In the game, players sign up to fight on the side of either Helix or the Mechanics. They create their own unique genetically altered creatures (Helix) or advanced fighting machines (Mechanics), and then 'train' their creations to fight by playing small single-player games in their phones. Players score overall game points by winning head-to-head mobile confrontations with members of the opposing forces.

 

These battles are set in the context of a continually evolving story, presented in weekly episodes via the player's phone or on the game website. The game's main play will take place through the phone, with the help of several mini-applications including:

  • Profile Updater: users create their own character alias and profiles, which can then be downloaded into their friends' phones (or enemies', when they are fighting).

  • Character Builder: players construct their own creatures or machines. They can buy design components from the many options using credits they earn in the game.

  • Training Game Selector: with each new episode or edition a new set of small, single- player training games become available that fit into the game's overall plot. Players train their creations by playing the training games.

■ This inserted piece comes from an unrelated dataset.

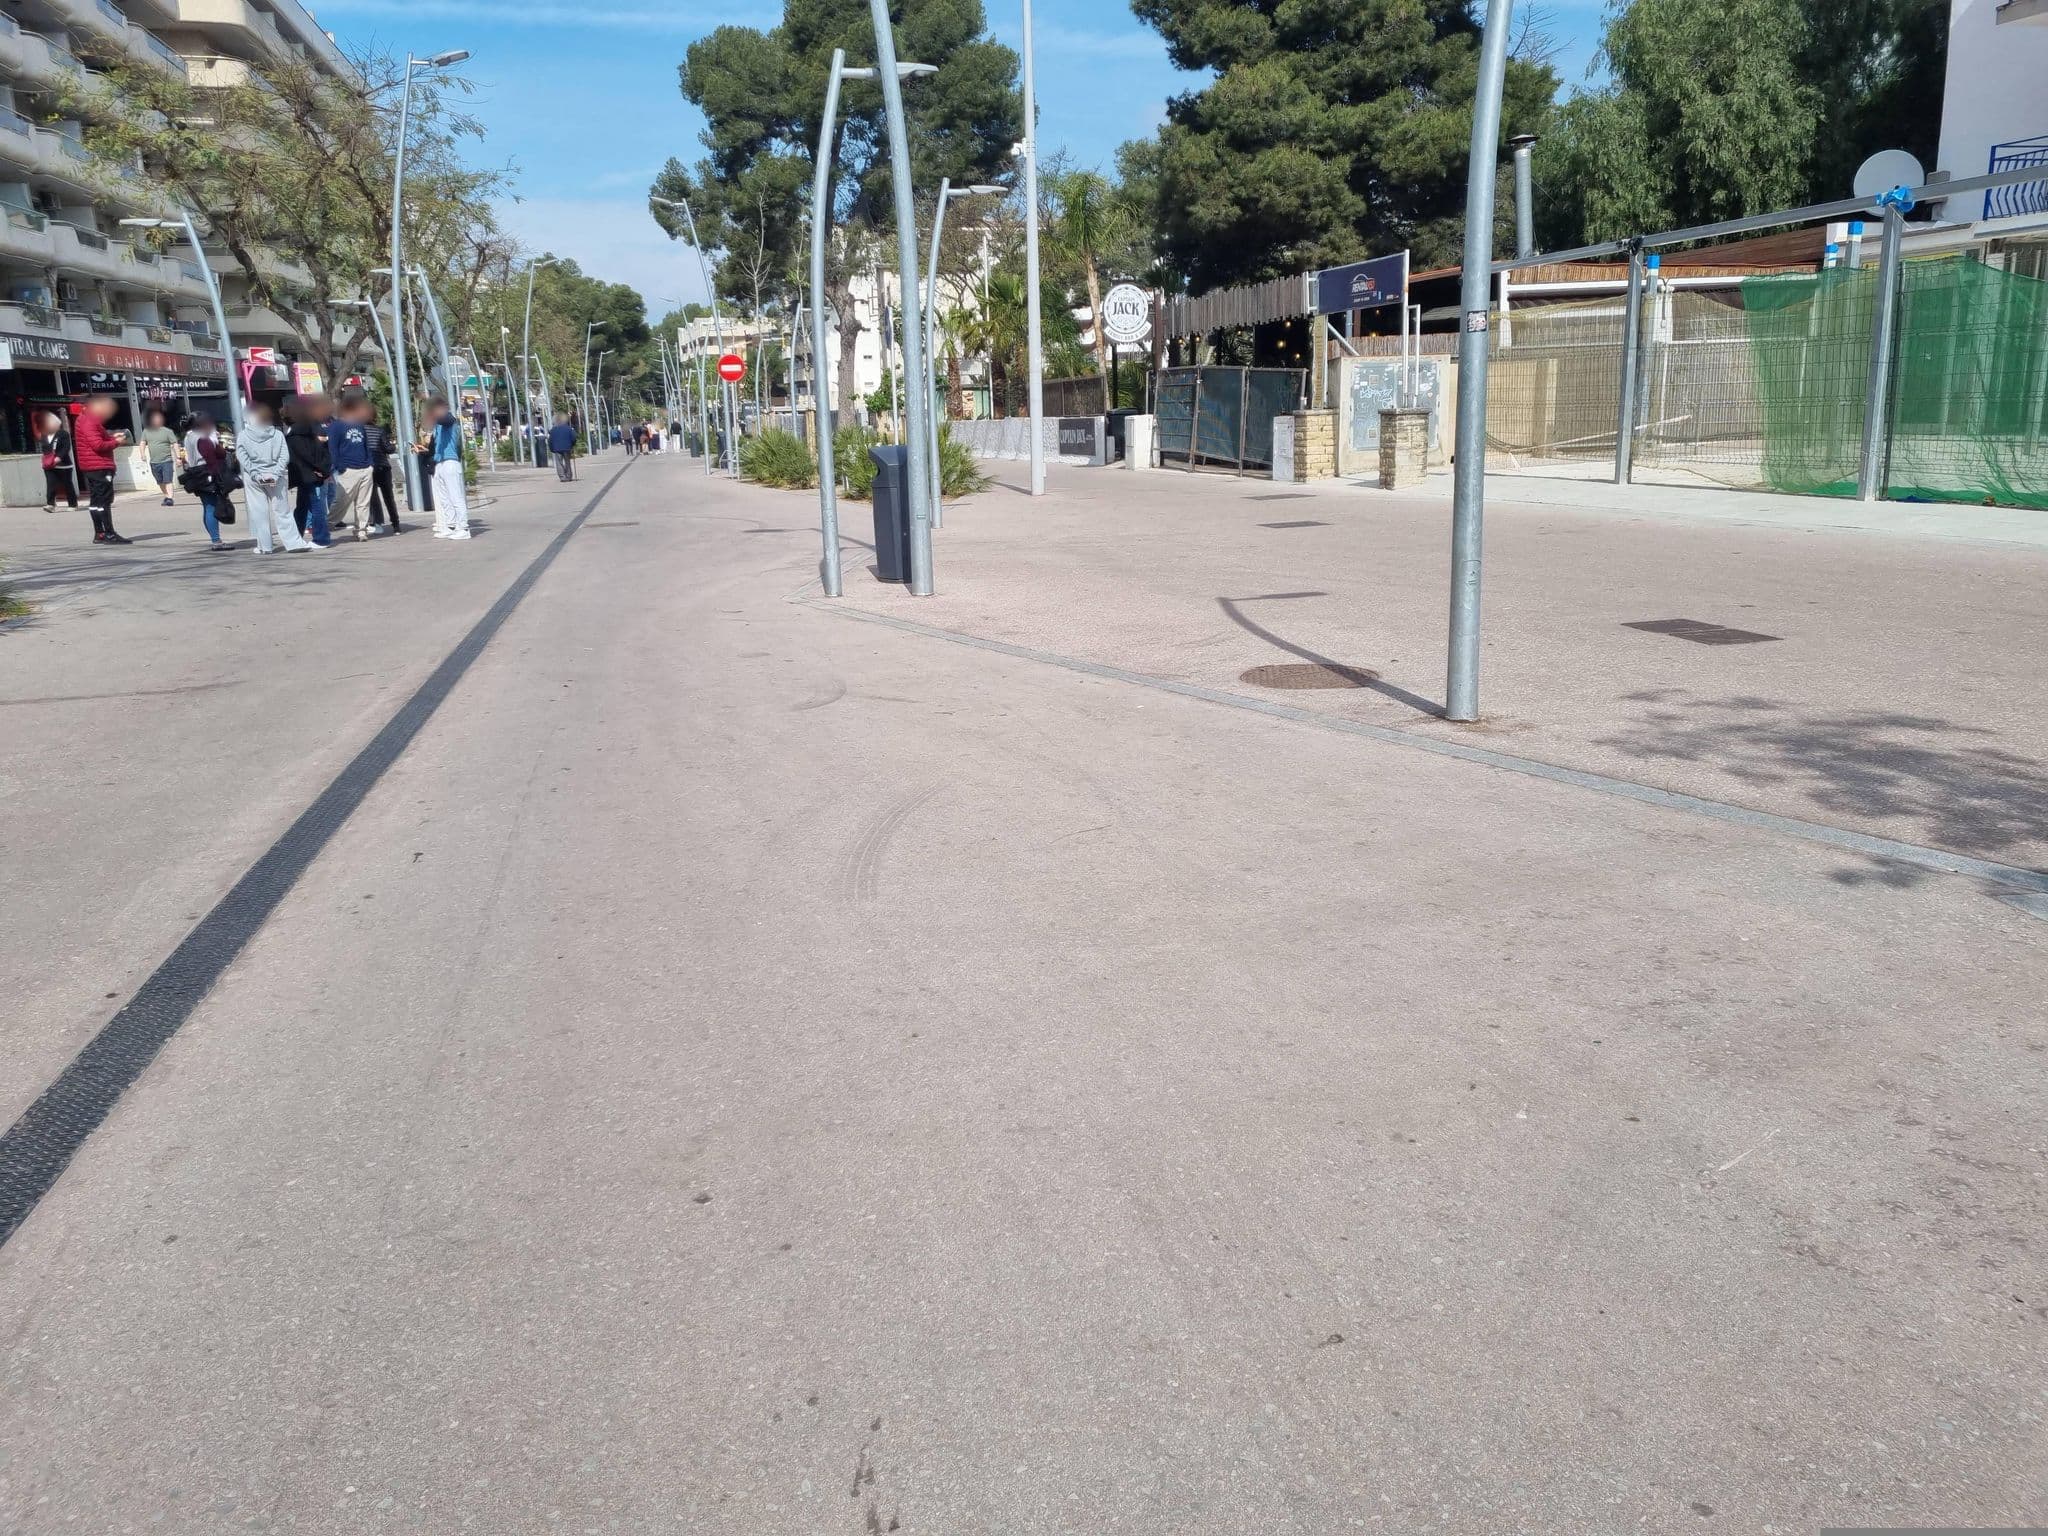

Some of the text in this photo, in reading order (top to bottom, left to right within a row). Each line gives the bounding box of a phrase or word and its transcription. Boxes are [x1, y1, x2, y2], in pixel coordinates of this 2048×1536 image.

[1113, 302, 1139, 316] JACK
[0, 336, 70, 360] NTRAL GAMES
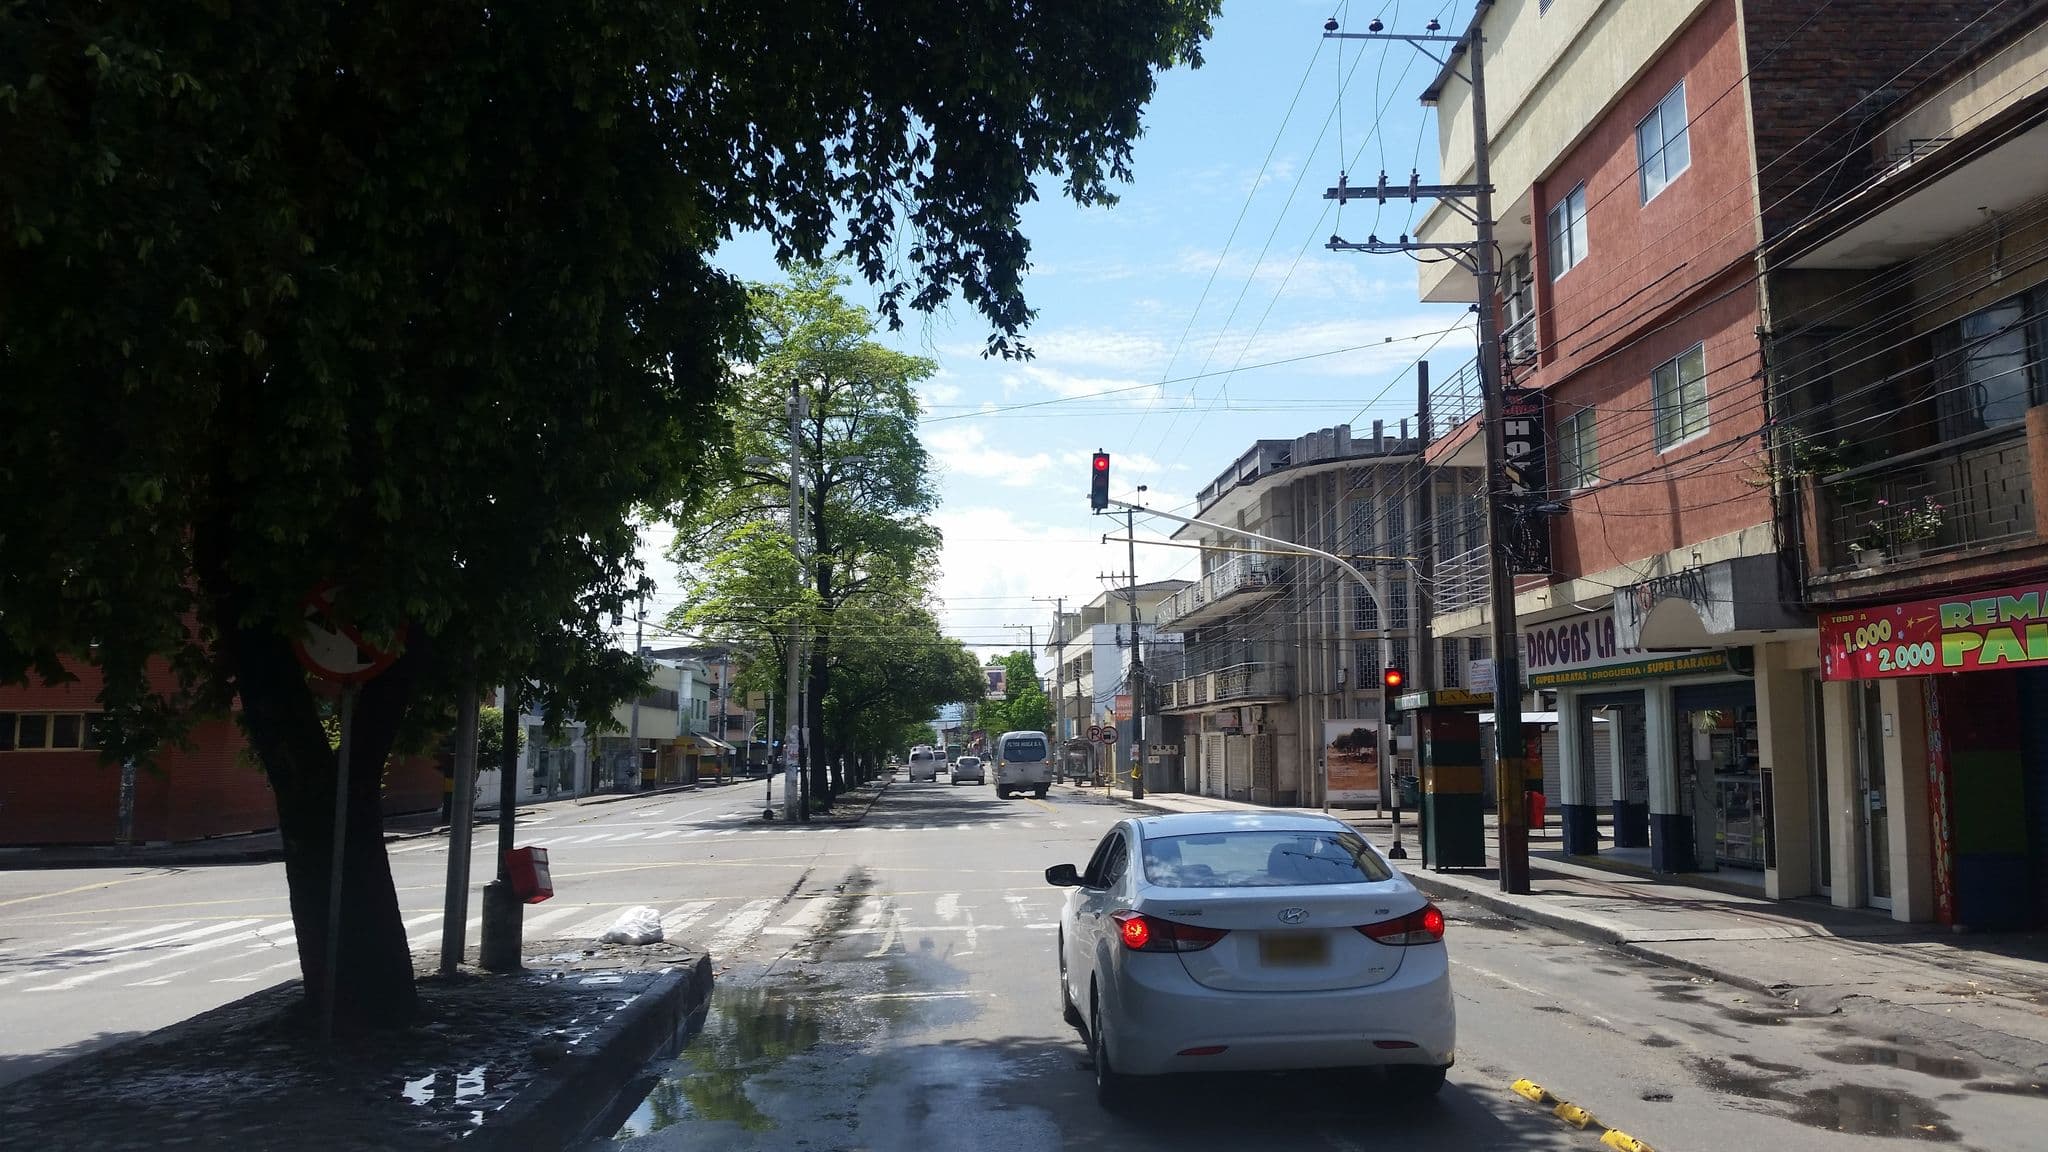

  • Combat Manager: finally, the head-to-head confrontations take place with the aid of a combat manager. Players pit their creations against each other one by one. The combat is simulated on a server, and results are returned to both players' devices.

Mobile Positioning is used to sense when an opponent is nearby, at which point the player can choose to join battle or attempt to run. Running does not always ensure escape.

Could a game like this approach the goal of providing an interactive entertainment experience equally engaging and satisfy as recent PC or console games? It's hard to say, but just imagine how it could transform the urban landscape as projected in our mind's eye - from drab everyday to adventure-filled, complete with lurking dangers, secret conspirators and real-time opponents - and you get some sense of what games like this might someday achieve.

The bottom line

Finally, if you remember, there was another aspect to our vision for the wireless gaming future: significant revenue generation. Here as well the long-term prospects are strong, thanks to a unique advantage cell phones boast over other gaming platforms. Specifically, these devices have secure payment mechanisms built-in, and phone service is already tied to a monthly bill.

With easy, secure micropayments just a click away, it should at last be possible to gain that Holy Grail of online content delivery: a functioning business model.